1. Integrity of the grand jury proceedings. The grand jury heard descriptions of the robber, his gun, and the get-away car *792 from Houghtling, Camyre, and Croshier, and testimony from two police officers about the defendants’ flight, their appearance when apprehended, and the items found in the car. Before the grand jury, Croshier’s testimony was more inculpatory than at trial because she described the get-away car as parked with its engine running. Towards the end of the testimony of the fifth witness, Detective Collias, a grand juror asked whether any attempt had been made to have a lineup. To answer that question the Commonwealth called William A. Rota, the assistant district attorney who had previously been assigned to the case.

Mr. Rota testified that he had moved for a lineup as to Seminara while the case was in the District Court. In the course of explaining the District Court’s loss of jurisdiction before that motion had been acted upon, Mr. Rota told the grand jury: “Seminara and . . . Haynes elected to proceed without a bind-over hearing. 3 They elected to admit that there was probable cause at that point in time at the District Court and in that case there was enough evidence that the case could at least go to the Grand Jury.” Of course, the defendants had not admitted to probable cause; they had waived a bindover hearing. The presenting assistant district attorney, somewhat half-heartedly, undertook to rescue Mr. Rota from his gaffe. Her next question was: “And as a result of them giving up their right to have a probable cause hearing at which they would be present and the witnesses would be present what position did they take about your line-up motion . . .?” An express correction that the defendants had not admitted to probable cause would have been more effective. In any event, Mr. Rota declined to be saved. “Once they had admitted probable cause,” he replied, “the case was no longer in the District Court.”

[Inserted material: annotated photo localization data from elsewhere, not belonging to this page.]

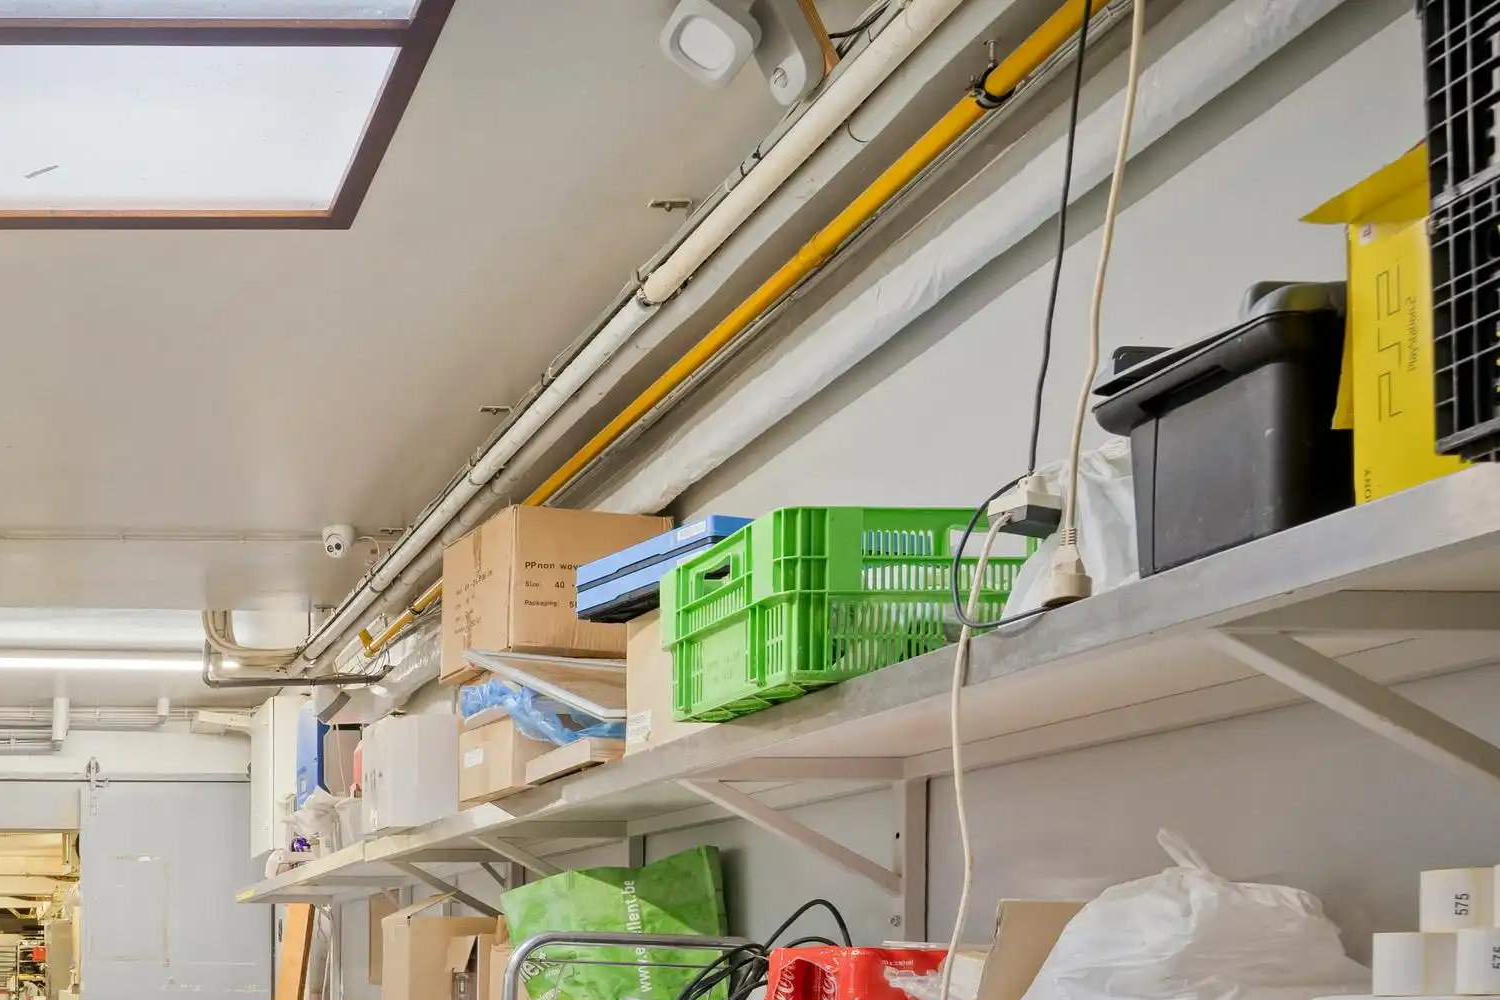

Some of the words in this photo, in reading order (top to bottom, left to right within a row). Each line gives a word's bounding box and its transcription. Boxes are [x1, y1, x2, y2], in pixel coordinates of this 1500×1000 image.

[1362, 468, 1372, 503] ONY
[525, 561, 555, 569] PPnon
[554, 581, 565, 589] 40
[1454, 893, 1470, 916] 575
[621, 880, 652, 993] www.ellent.be

The defendants moved to dismiss the indictments on the ground that Mr. Rotá’s inept remarks had impaired the integrity of the grand jury proceeding. See Commonwealth v. O’Dell, *793 392 Mass. 445, 446-447 (1984); Commonwealth v. McGahee, 393 Mass. 743, 746-748 (1985). The judge denied the motion to dismiss, concluding that “in the context of the proceedings, I find it unlikely that the [gjrand [jjurors were of such a mind that it made any difference or was prejudicial to the [defendants.” We are of like opinion.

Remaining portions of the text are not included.